Ankara/Baghdad: Turkey's military said it attacked Kurdish separatists in northern Iraq on Saturday for the third time in less than a week, bombing and shelling positions and warning more will follow.

"Turkish aircraft attacked between 1.35pm and 2pm major positions of the terrorist organisation" Kurdistan Workers' Party (PKK), before Turkish artillery shelled the area for 15 minutes, the military said in a statement on its website.

It gave no details on targets, saying more information would be given next week and that it would carry out more operations despite harsh winter conditions in the mountainous region.

The Turkish television channel NTV said the raids were in the Amadiyah area of northern Iraq.

"It will become well understood how effective the operations against the terrorist operations are," the military's statement said. PKK "no longer has a chance of success" against the Turkish army.

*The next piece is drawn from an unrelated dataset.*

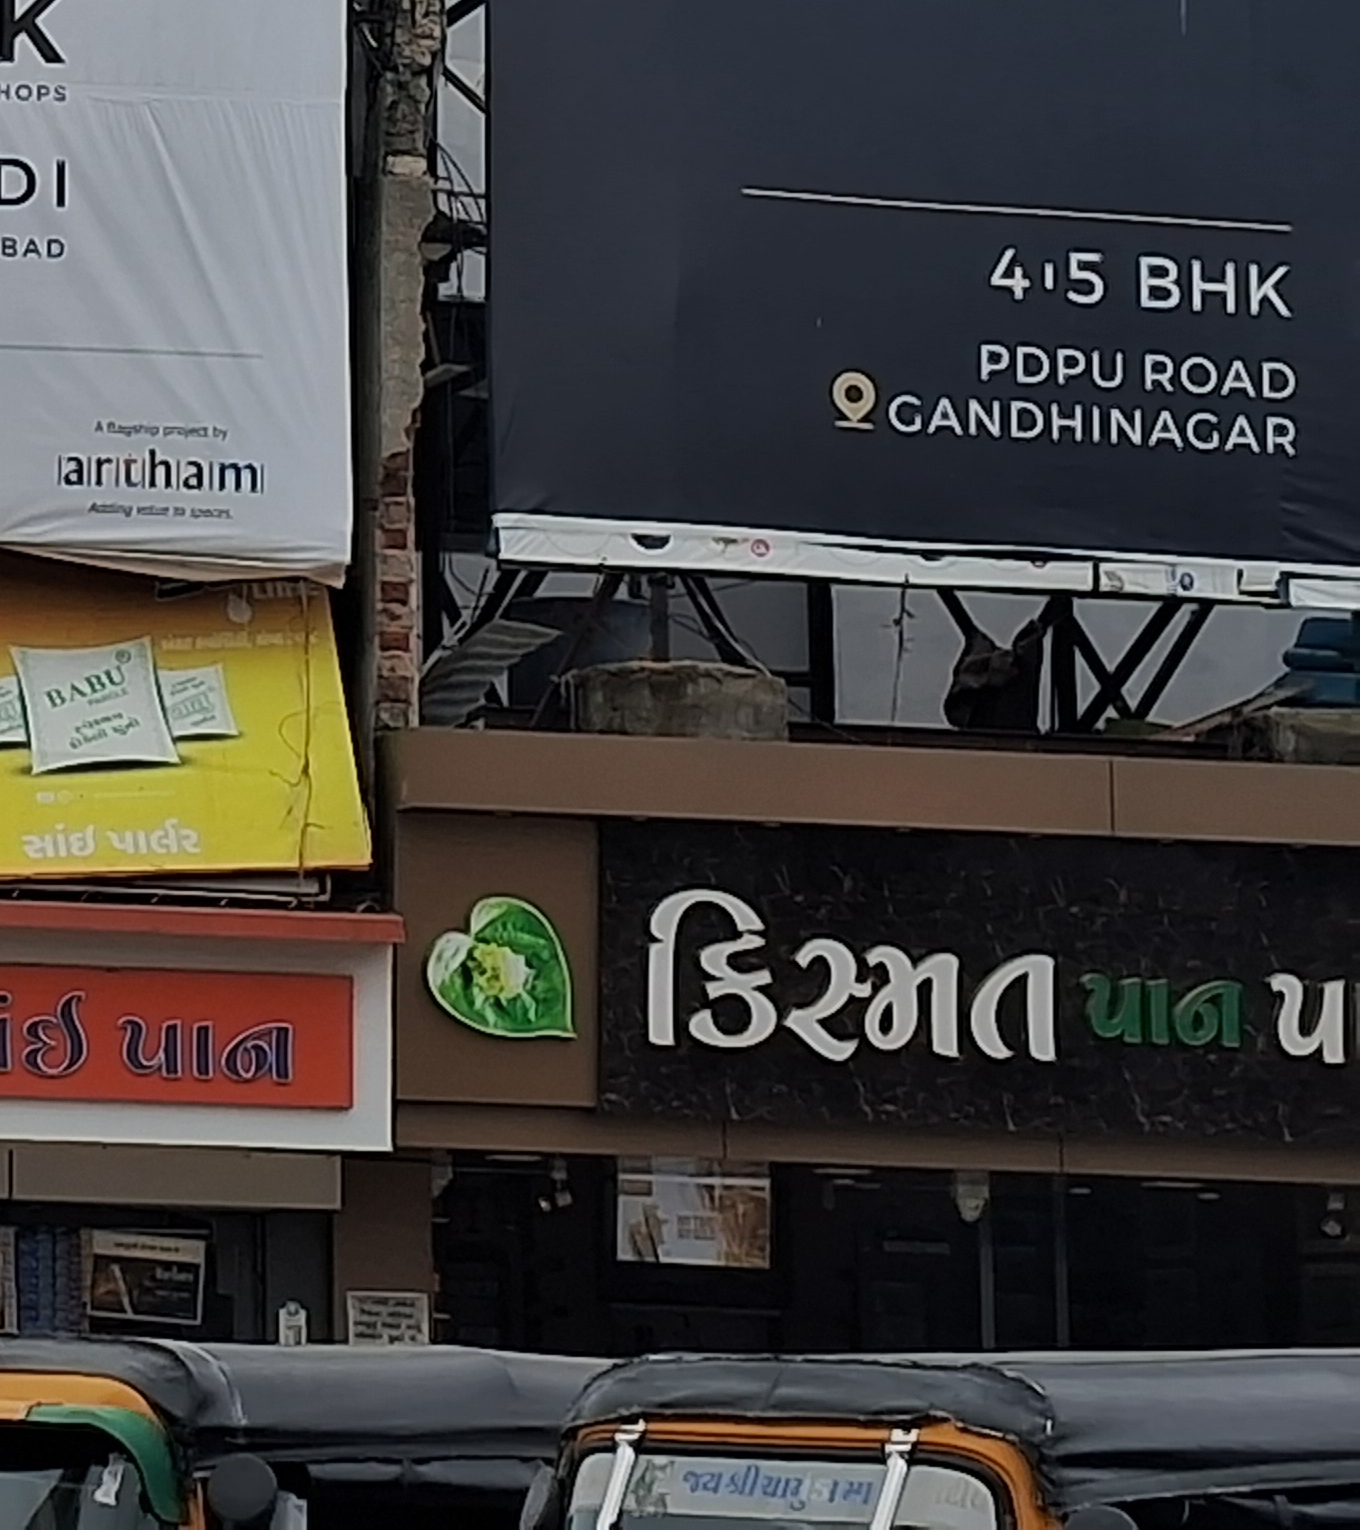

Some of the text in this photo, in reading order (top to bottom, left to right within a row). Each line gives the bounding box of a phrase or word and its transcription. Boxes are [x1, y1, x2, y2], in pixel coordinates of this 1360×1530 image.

Actions over recent weeks had left "hundreds of terrorists" dead, it added.

Kurd leader visits

Kurdish leader Masoud Barzani on Sundayb visited refugees who had fled border areas of northern Iraq after Turkish air strikes pounded areas close to their villages late on Saturday.

Barzani, the president of Iraq's autonomous Kurdish region, strongly condemned the attacks and renewed calls for a peaceful solution.

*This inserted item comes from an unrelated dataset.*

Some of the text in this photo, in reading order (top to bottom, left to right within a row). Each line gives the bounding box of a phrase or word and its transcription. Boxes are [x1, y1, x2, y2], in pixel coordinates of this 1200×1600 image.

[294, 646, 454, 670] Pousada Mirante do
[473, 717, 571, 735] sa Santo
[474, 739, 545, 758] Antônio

"These daily strikes are unacceptable .... Their goal is not only PKK but the whole idea of an autonomous Kurdish region," he told a group of families, in comments broadcast on his party's Kurdistan TV channel.

"The problem is not solved militarily and we are prepared for all peaceful solutions. I have come here to thank you for your patience and assure you that we will rebuild the border areas and the situation will not remain this way," he said.

Kurdish security forces said Saturday's aerial bombardment caused no casualties because the area was largely evacuated in anticipation of Turkish military action. Turkey said its warplanes had bombed separatist PKK rebel positions inside Iraq. Over the past three months, Turkey, which has massed up to 100,000 troops near its border with Iraq, has carried out occasional air and artillery strikes and small-scale raids by ground forces across the border against PKK targets.

Ankara blames PKK for the deaths of nearly 40,000 people since the group began its rebellion in 1984. PKK wants Kurdish self-rule in southeast Turkey.

In northern Iraq, Jabbar Yawar, spokesman for the Iraqi Kurdish Peshmerga security force, said Turkish warplanes had hit isolated Kurdish villages.

"In the afternoon Turkish warplanes entered northern Iraqi airspace in an area called Al Amadiyah. Later around 4pm they bombed Iraqi Kurdish villages. We do not know the extent of damage. But these areas are largely deserted and are along the border with Turkey," Yawar told AFP.

Turkey has been stepping up pressure since its parliament approved in October cross-border raids on PKK bases, with Ankara saying the Iraqi government and its US backers were not doing enough to halt PKK attacks.

State Department spokeswoman Nicole Thompson said in Washington: "The United States does view PKK as a terrorist group and is against any acts of violence against Turkey or Iraq.

"It will continue to work with the governments of Turkey and Iraq on how they can work together to deal with PKK."